### ACTION ITEM
Retype all entries exactly, skipping pictures.

Start of Block

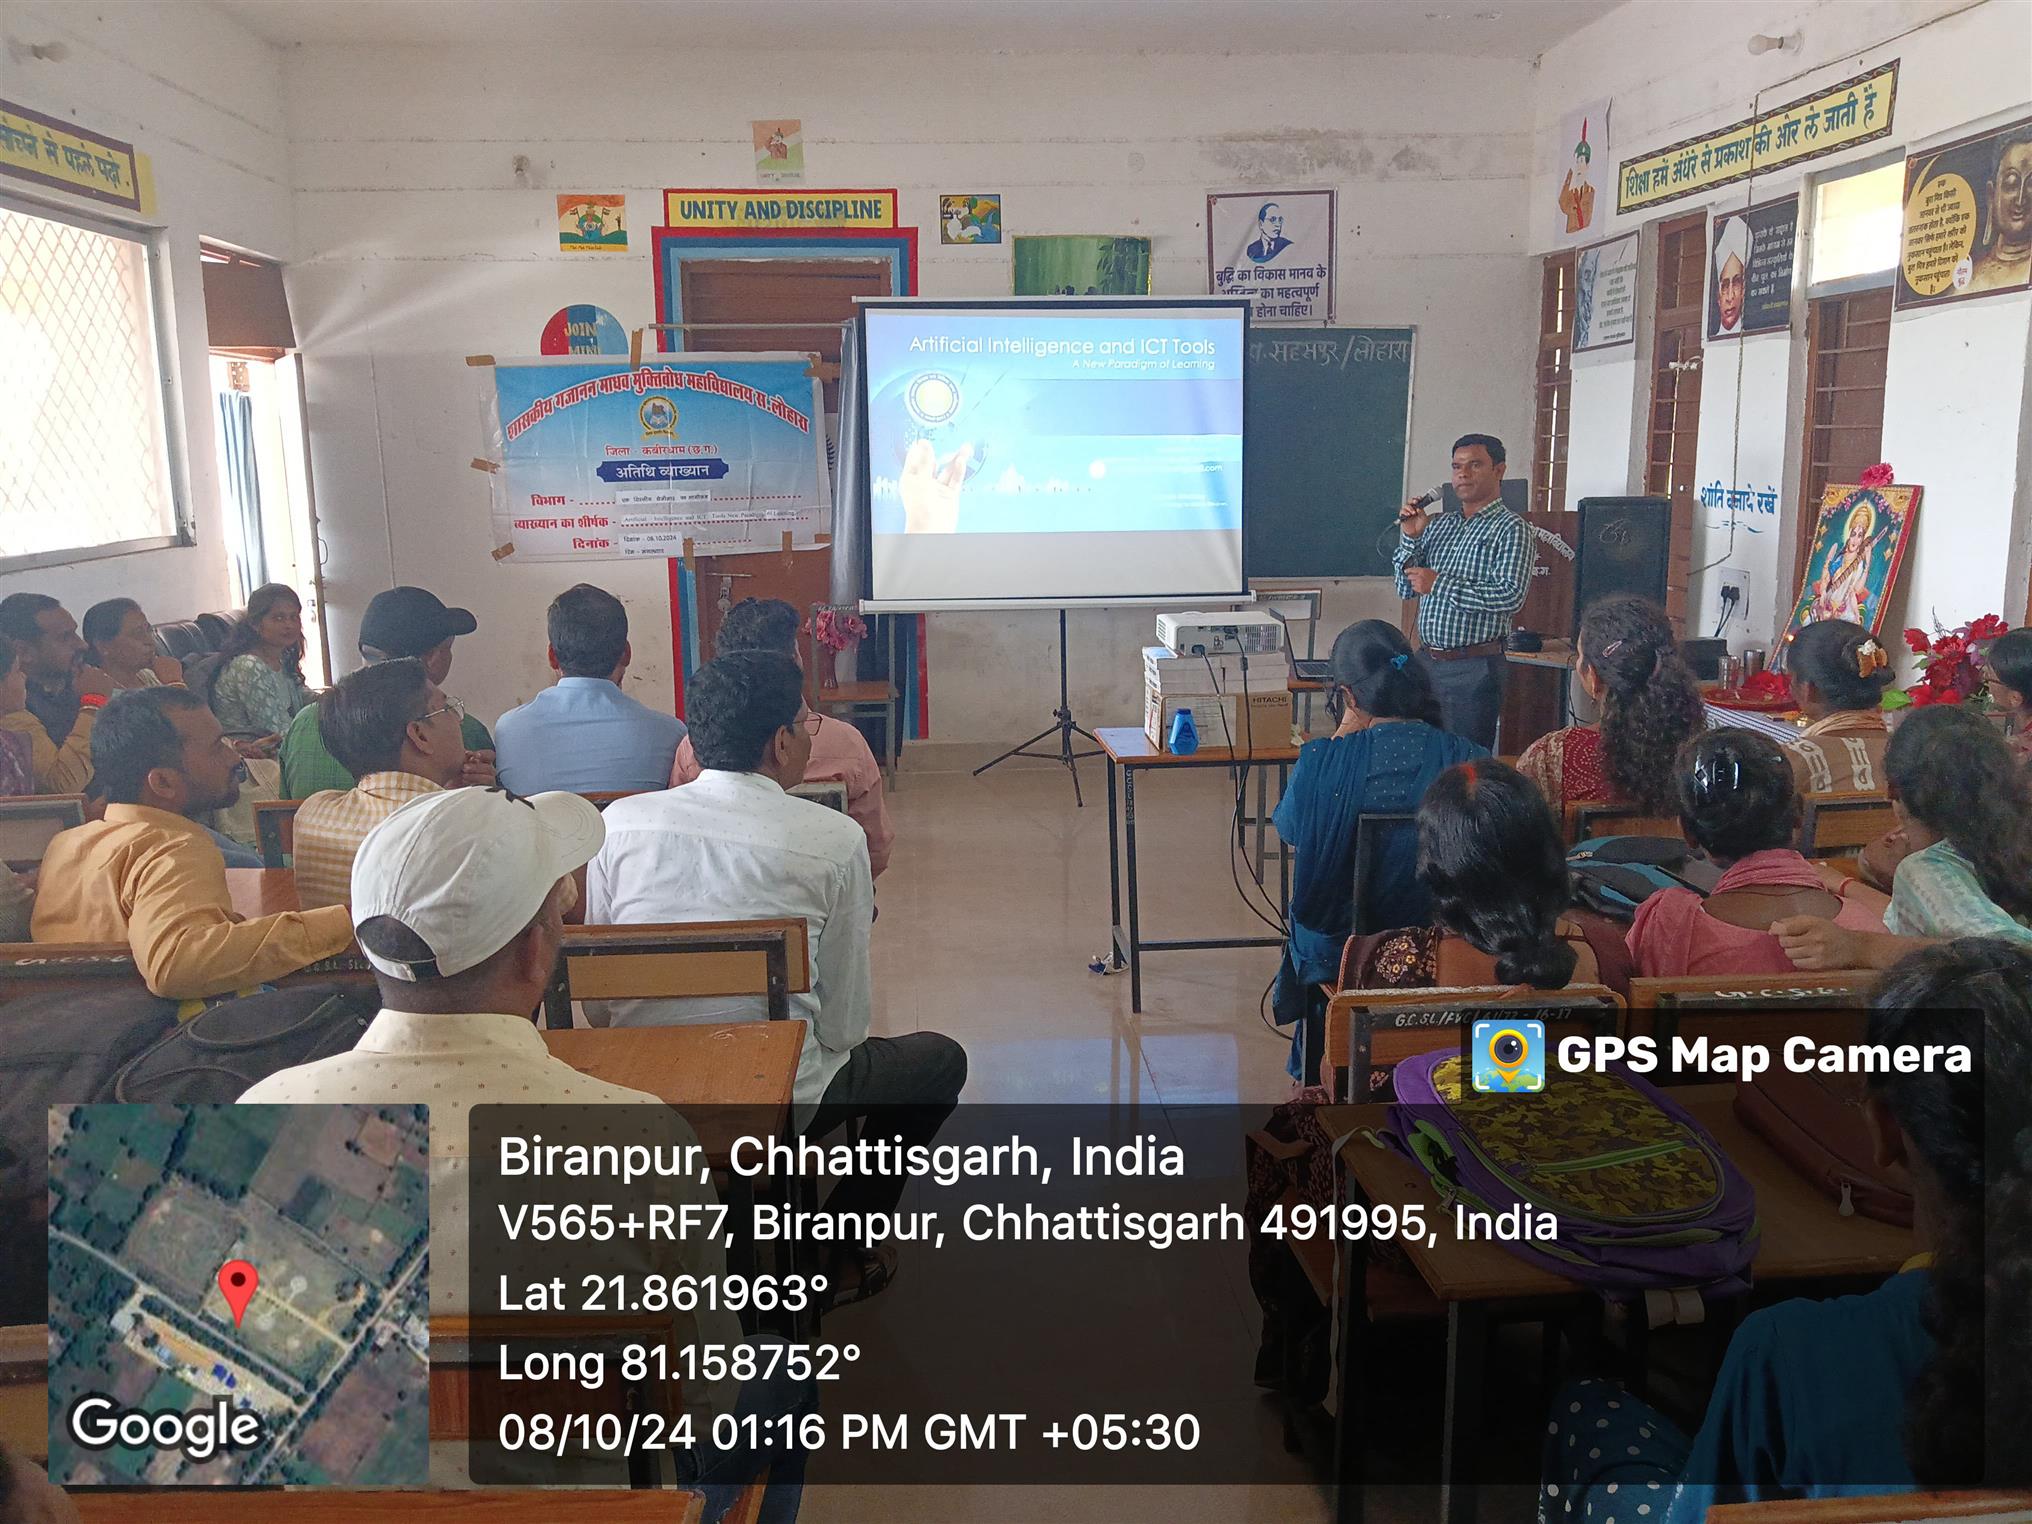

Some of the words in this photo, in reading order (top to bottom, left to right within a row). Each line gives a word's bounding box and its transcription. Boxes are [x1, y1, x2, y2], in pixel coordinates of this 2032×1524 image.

[1626, 165, 1650, 199] शिक्षा
[1652, 158, 1668, 193] हमें
[1700, 144, 1712, 173] से
[1713, 136, 1752, 169] प्रकाश
[1753, 124, 1773, 153] की
[1775, 113, 1801, 144] ओर
[1804, 106, 1820, 139] ले
[1823, 92, 1858, 133] जाती
[680, 200, 738, 220] UNITY
[743, 200, 782, 220] AND
[787, 199, 882, 220] DISCIPLINE
[1216, 266, 1235, 287] बुद्धि
[1237, 270, 1251, 280] का
[1254, 266, 1286, 280] विकास
[1289, 267, 1314, 280] मानव
[1316, 264, 1327, 279] के
[1261, 287, 1274, 299] का
[1276, 283, 1320, 301] महत्वपूर्ण
[1256, 302, 1277, 318] होना
[564, 321, 598, 337] JOIN
[910, 336, 983, 353] Artificial
[988, 336, 1094, 357] Intelligence
[1100, 338, 1135, 354] and
[1141, 339, 1169, 355] ICT
[1172, 339, 1216, 355] Tools
[1072, 359, 1080, 368] A
[1083, 359, 1105, 368] New
[1108, 359, 1157, 371] Paradigm
[1160, 359, 1169, 369] of
[1172, 360, 1215, 370] Learning
[507, 397, 553, 440] शासकीय
[555, 380, 597, 409] गजानन
[599, 373, 631, 393] माधव
[685, 370, 755, 404] महाविद्यालय
[605, 445, 630, 456] जिला
[616, 463, 656, 478] अतिथि
[659, 465, 709, 477] व्याख्यान
[531, 494, 565, 506] विभाग
[1700, 480, 1724, 508] शांति
[1757, 485, 1778, 515] रखें
[514, 519, 557, 529] व्याख्यान
[561, 518, 574, 528] का
[578, 514, 608, 528] शीर्षक
[573, 537, 609, 549] दिनांक
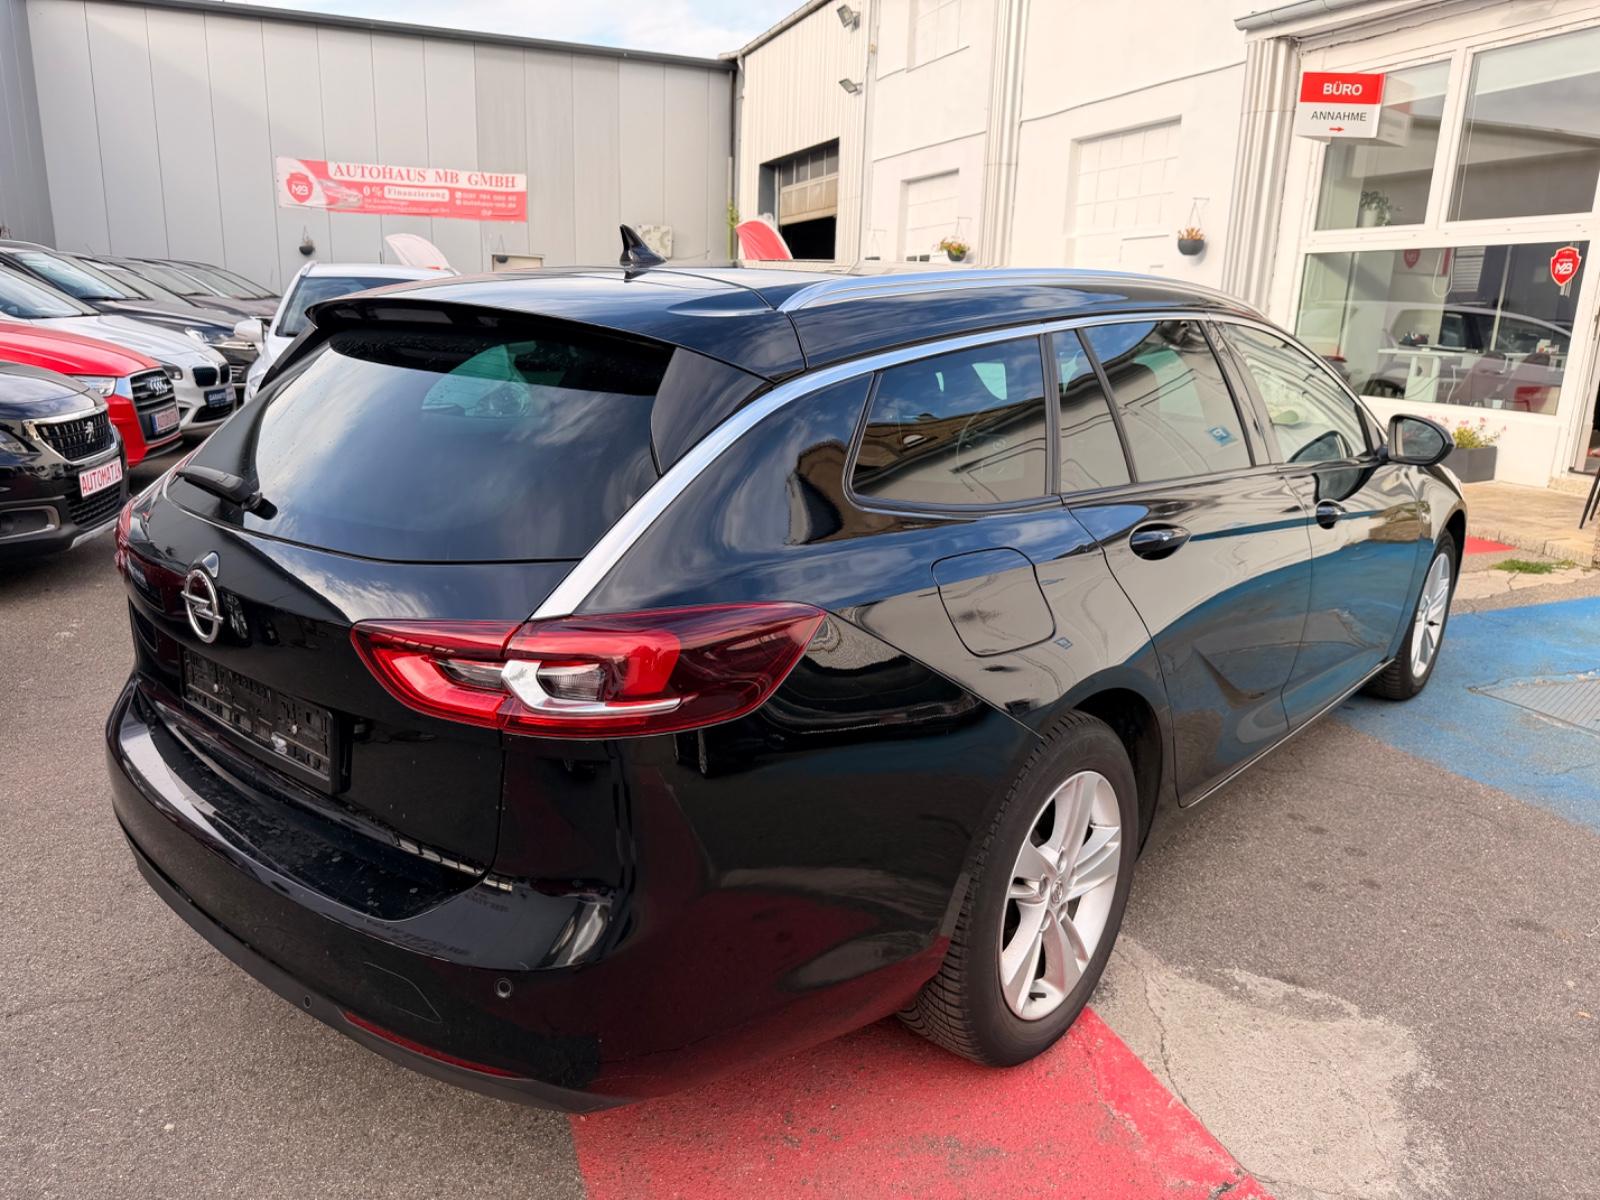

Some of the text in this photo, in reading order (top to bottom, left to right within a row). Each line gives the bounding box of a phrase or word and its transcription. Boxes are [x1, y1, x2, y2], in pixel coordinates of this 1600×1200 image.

[1322, 81, 1363, 96] BÜRO
[1310, 111, 1367, 122] ANNAHME
[333, 163, 517, 188] AUTOHAUS MB GMBH
[386, 187, 447, 200] Finanzierung

End of Block

### WRITTEN ANSWER
Some of the words in this photo, in reading order (top to bottom, left to right within a row). Each line gives a word's bounding box and its transcription. Boxes are [x1, y1, x2, y2], in pixel coordinates of this 2032×1524 image.

[1626, 165, 1650, 199] शिक्षा
[1652, 158, 1668, 193] हमें
[1700, 144, 1712, 173] से
[1713, 136, 1752, 169] प्रकाश
[1753, 124, 1773, 153] की
[1775, 113, 1801, 144] ओर
[1804, 106, 1820, 139] ले
[1823, 92, 1858, 133] जाती
[680, 200, 738, 220] UNITY
[743, 200, 782, 220] AND
[787, 199, 882, 220] DISCIPLINE
[1216, 266, 1235, 287] बुद्धि
[1237, 270, 1251, 280] का
[1254, 266, 1286, 280] विकास
[1289, 267, 1314, 280] मानव
[1316, 264, 1327, 279] के
[1261, 287, 1274, 299] का
[1276, 283, 1320, 301] महत्वपूर्ण
[1256, 302, 1277, 318] होना
[564, 321, 598, 337] JOIN
[910, 336, 983, 353] Artificial
[988, 336, 1094, 357] Intelligence
[1100, 338, 1135, 354] and
[1141, 339, 1169, 355] ICT
[1172, 339, 1216, 355] Tools
[1072, 359, 1080, 368] A
[1083, 359, 1105, 368] New
[1108, 359, 1157, 371] Paradigm
[1160, 359, 1169, 369] of
[1172, 360, 1215, 370] Learning
[507, 397, 553, 440] शासकीय
[555, 380, 597, 409] गजानन
[599, 373, 631, 393] माधव
[685, 370, 755, 404] महाविद्यालय
[605, 445, 630, 456] जिला
[616, 463, 656, 478] अतिथि
[659, 465, 709, 477] व्याख्यान
[531, 494, 565, 506] विभाग
[1700, 480, 1724, 508] शांति
[1757, 485, 1778, 515] रखें
[514, 519, 557, 529] व्याख्यान
[561, 518, 574, 528] का
[578, 514, 608, 528] शीर्षक
[573, 537, 609, 549] दिनांक

Some of the text in this photo, in reading order (top to bottom, left to right within a row). Each line gives the bounding box of a phrase or word and its transcription. Boxes are [x1, y1, x2, y2], in pixel coordinates of this 1600×1200 image.

[1322, 81, 1363, 96] BÜRO
[1310, 111, 1367, 122] ANNAHME
[333, 163, 517, 188] AUTOHAUS MB GMBH
[386, 187, 447, 200] Finanzierung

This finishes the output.